REQUIREMENT =
Retype, with no pictures, each line from the one that holds "Some of the words" through the last line of the entries below, both included.

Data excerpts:
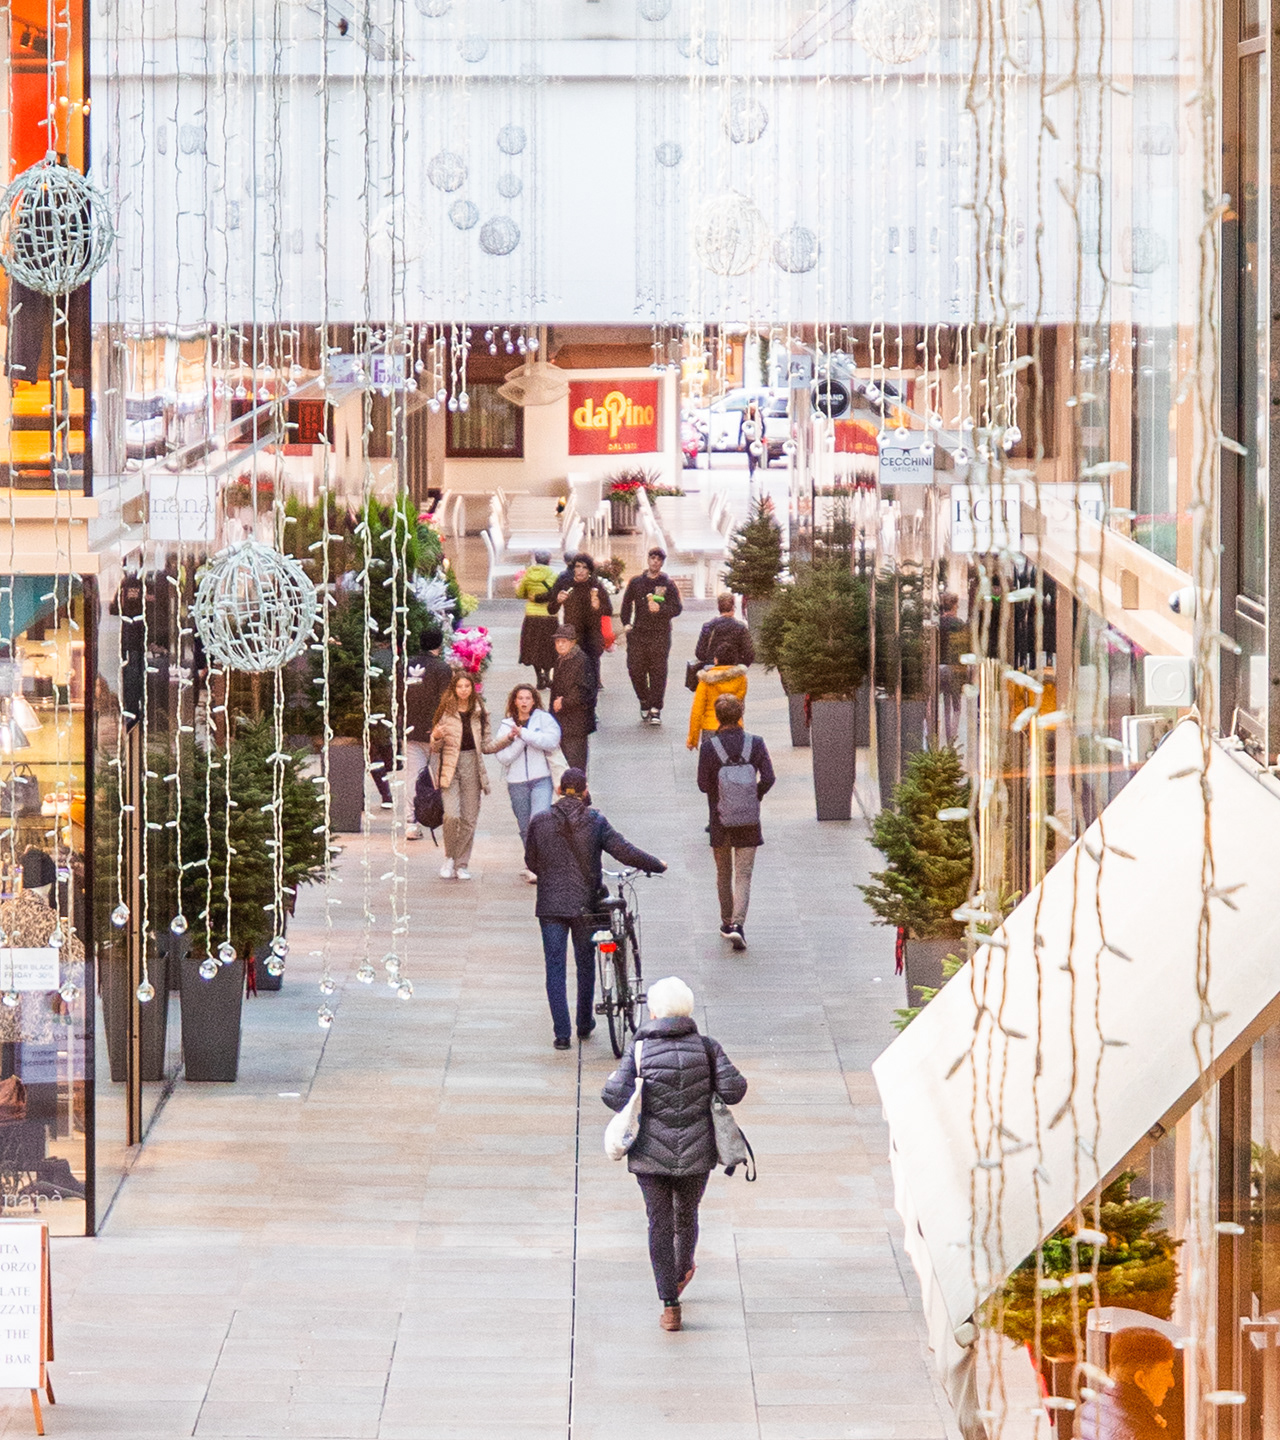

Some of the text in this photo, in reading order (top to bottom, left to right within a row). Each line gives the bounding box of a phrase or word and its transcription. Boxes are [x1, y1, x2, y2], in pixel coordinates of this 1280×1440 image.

[880, 457, 933, 467] CECCHINI
[0, 1262, 37, 1272] ORZO
[6, 1329, 30, 1339] THE
[5, 1355, 32, 1364] BAR
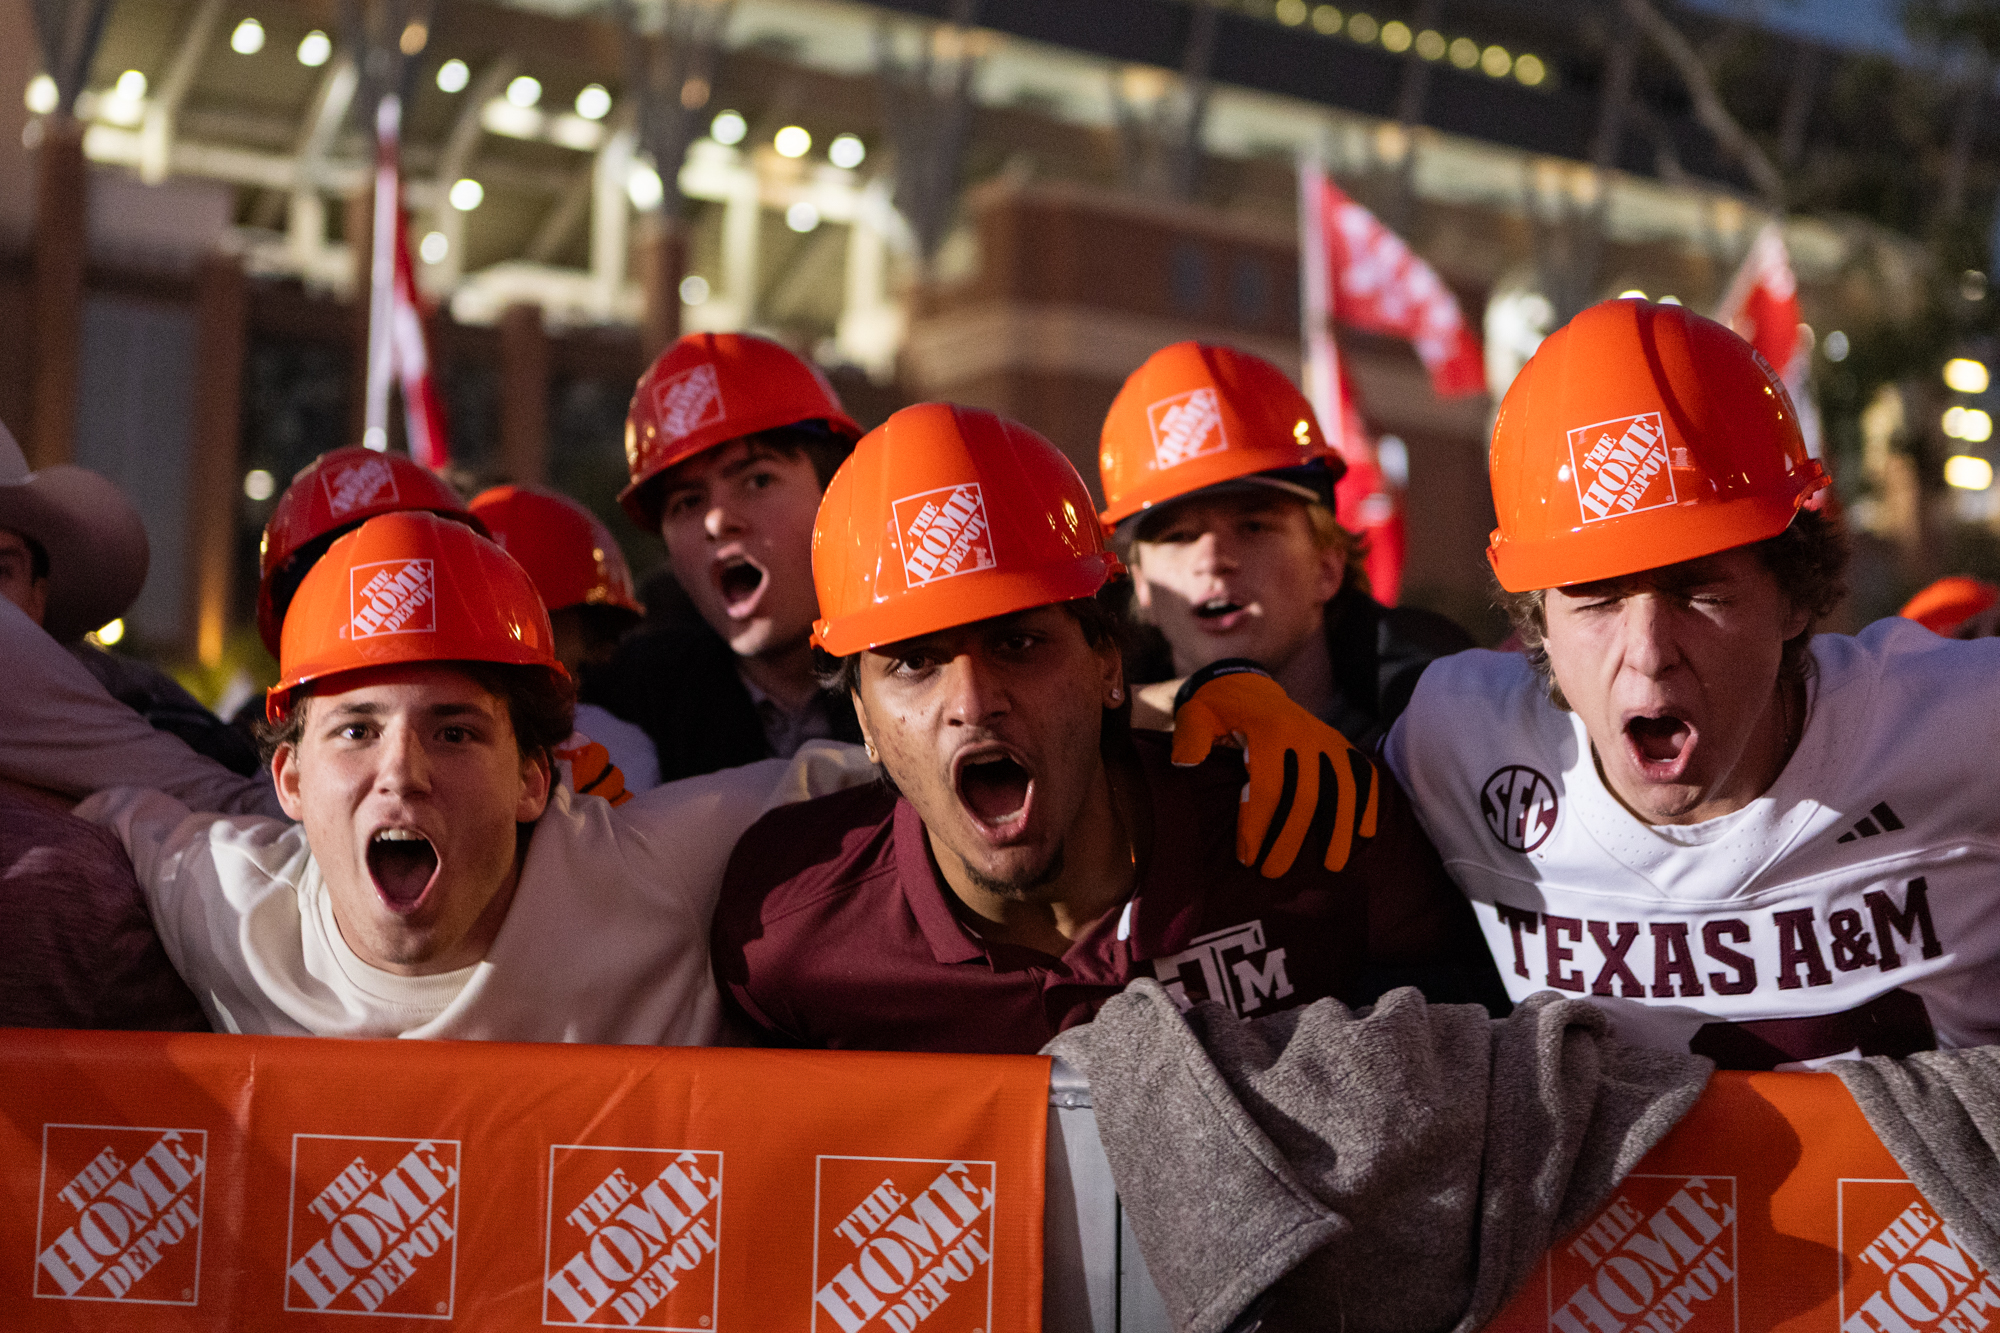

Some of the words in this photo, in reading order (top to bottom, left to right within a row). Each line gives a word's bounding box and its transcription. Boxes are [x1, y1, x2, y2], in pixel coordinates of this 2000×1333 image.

[1581, 415, 1662, 518] HOME
[1582, 433, 1617, 472] THE
[1616, 446, 1667, 512] DEPOT
[906, 485, 981, 581] HOME
[907, 501, 940, 538] THE
[940, 513, 986, 575] DEPOT
[354, 560, 432, 636] HOME
[359, 569, 392, 599] THE
[383, 584, 432, 632] DEPOT
[1482, 766, 1557, 852] SEC
[1498, 900, 1757, 998] TEXAS
[1772, 876, 1942, 990] A&M
[38, 1130, 204, 1297] HOME
[57, 1145, 127, 1213] THE
[307, 1156, 378, 1225] THE
[565, 1167, 639, 1237] THE
[833, 1178, 908, 1248] THE
[100, 1194, 200, 1300] DEPOT
[288, 1140, 458, 1312] HOME
[350, 1206, 456, 1313] DEPOT
[545, 1151, 720, 1325] HOME
[815, 1161, 993, 1333] HOME
[1552, 1177, 1737, 1333] HOME
[1567, 1195, 1646, 1268] THE
[1858, 1201, 1938, 1274] THE
[610, 1217, 718, 1328] DEPOT
[881, 1229, 990, 1333] DEPOT
[1630, 1246, 1734, 1333] EPOT
[1842, 1224, 1986, 1333] HOM
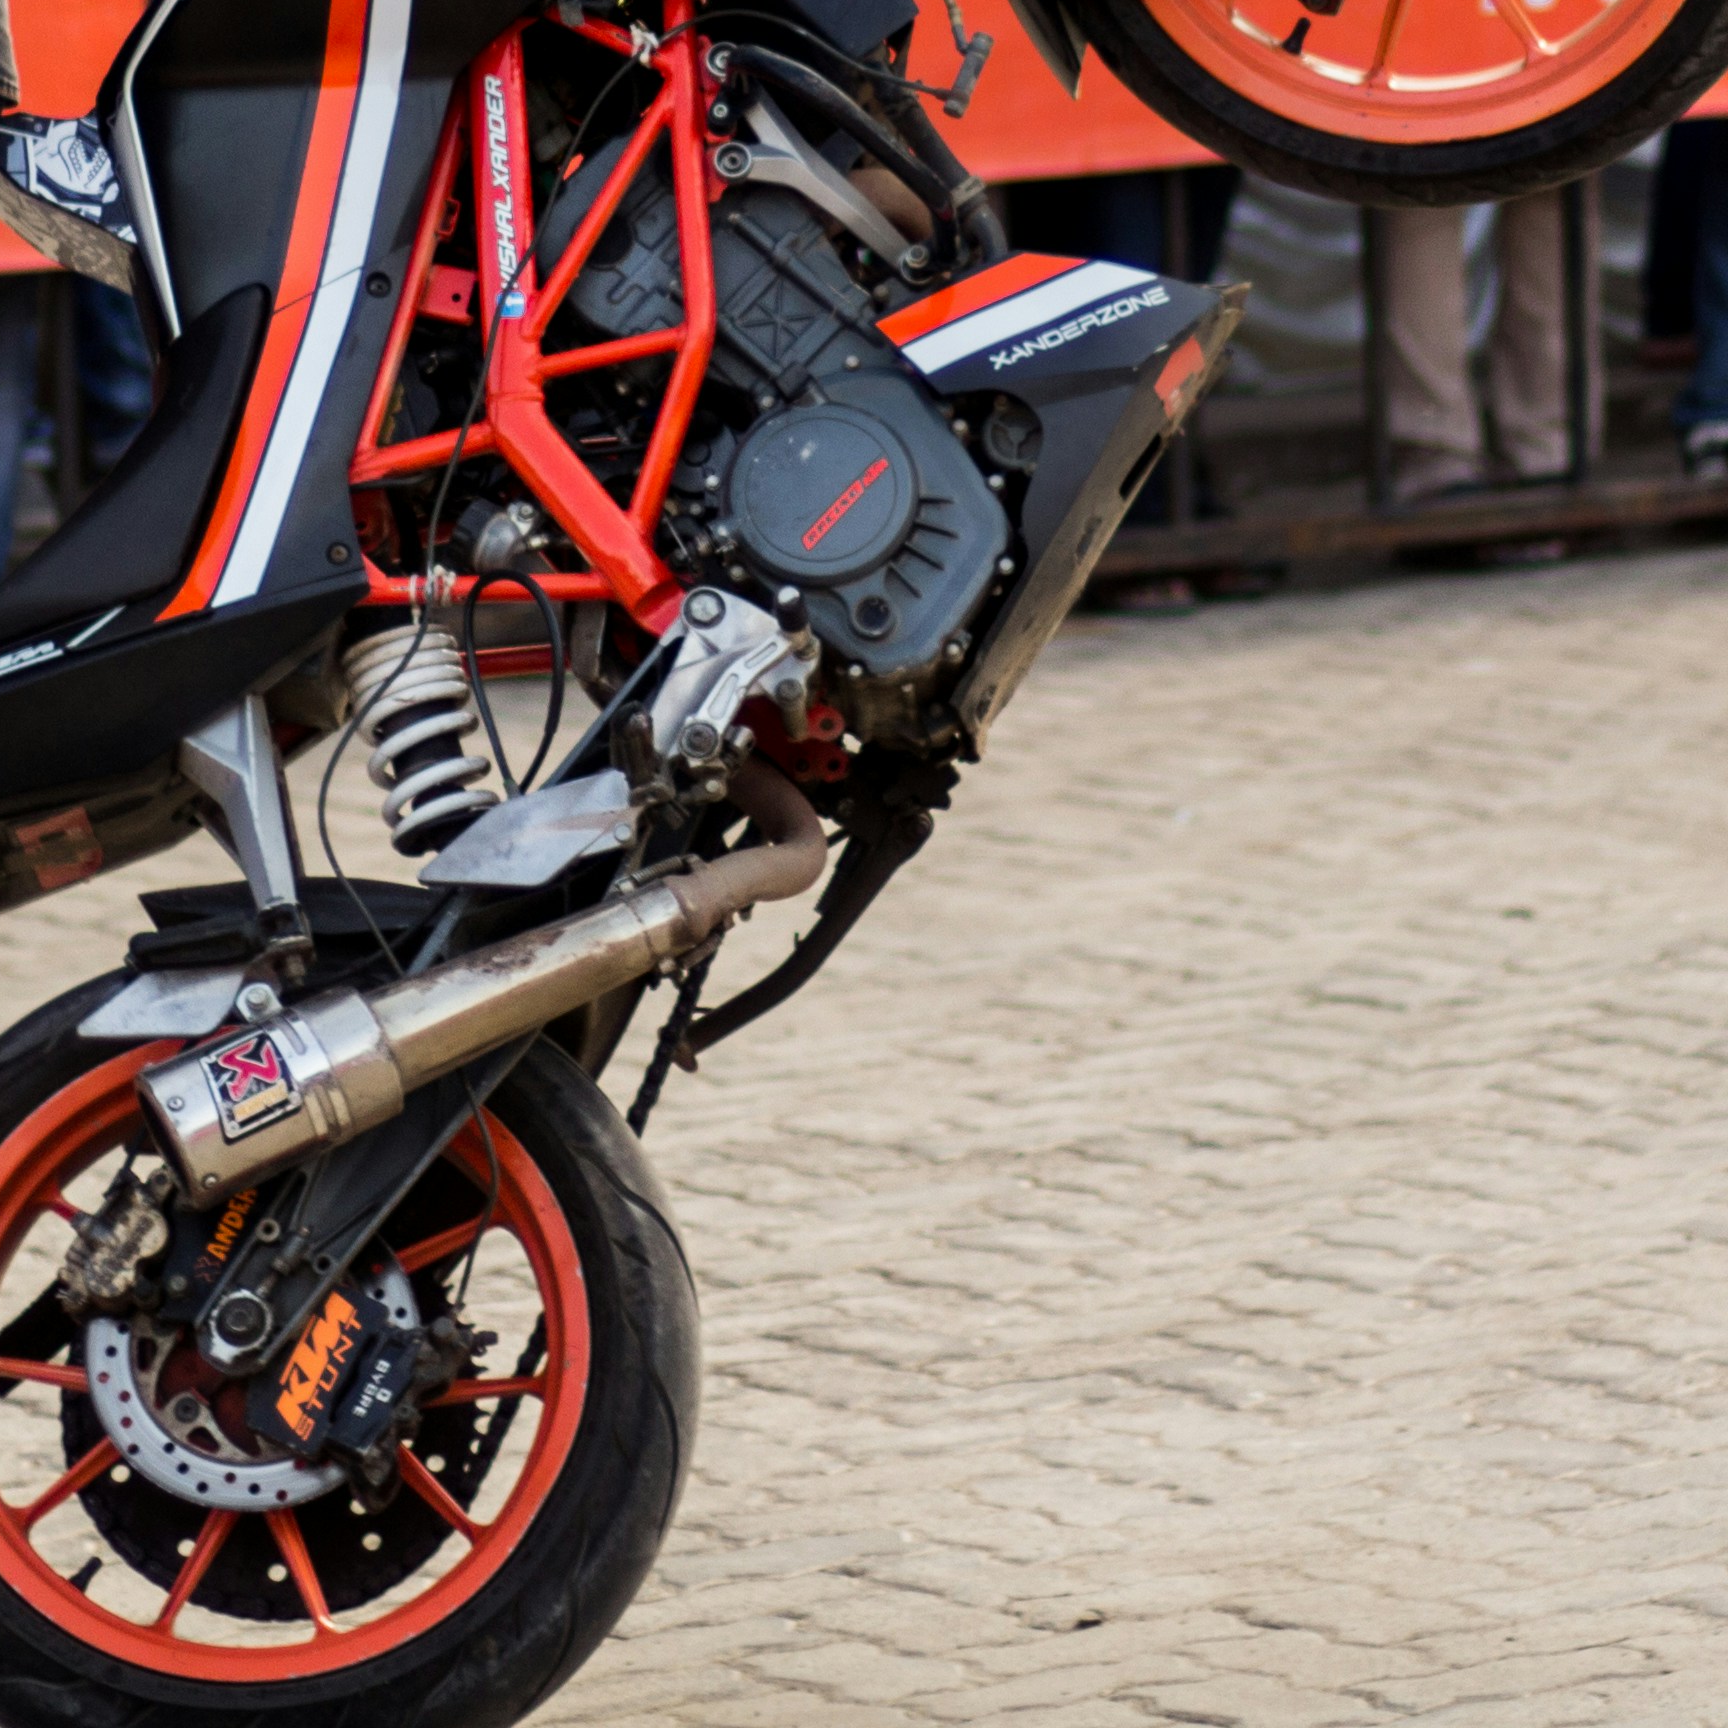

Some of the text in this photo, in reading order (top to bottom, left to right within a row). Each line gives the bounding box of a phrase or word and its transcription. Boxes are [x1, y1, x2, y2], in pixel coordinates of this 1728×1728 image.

EXERCISE RESULT =
Some of the words in this photo, in reading order (top to bottom, left to right within a row). Each line gives a word's bounding box and its transcription. Boxes are [x1, y1, x2, y2], in pixel coordinates of this 2000×1333 image.

[1581, 415, 1662, 518] HOME
[1582, 433, 1617, 472] THE
[1616, 446, 1667, 512] DEPOT
[906, 485, 981, 581] HOME
[907, 501, 940, 538] THE
[940, 513, 986, 575] DEPOT
[354, 560, 432, 636] HOME
[359, 569, 392, 599] THE
[383, 584, 432, 632] DEPOT
[1482, 766, 1557, 852] SEC
[1498, 900, 1757, 998] TEXAS
[1772, 876, 1942, 990] A&M
[38, 1130, 204, 1297] HOME
[57, 1145, 127, 1213] THE
[307, 1156, 378, 1225] THE
[565, 1167, 639, 1237] THE
[833, 1178, 908, 1248] THE
[100, 1194, 200, 1300] DEPOT
[288, 1140, 458, 1312] HOME
[350, 1206, 456, 1313] DEPOT
[545, 1151, 720, 1325] HOME
[815, 1161, 993, 1333] HOME
[1552, 1177, 1737, 1333] HOME
[1567, 1195, 1646, 1268] THE
[1858, 1201, 1938, 1274] THE
[610, 1217, 718, 1328] DEPOT
[881, 1229, 990, 1333] DEPOT
[1630, 1246, 1734, 1333] EPOT
[1842, 1224, 1986, 1333] HOM

Some of the text in this photo, in reading order (top to bottom, left to right within a row). Each line gives the bounding box of a phrase or word and its transcription. Boxes are [x1, y1, x2, y2], in pixel coordinates of this 1728×1728 image.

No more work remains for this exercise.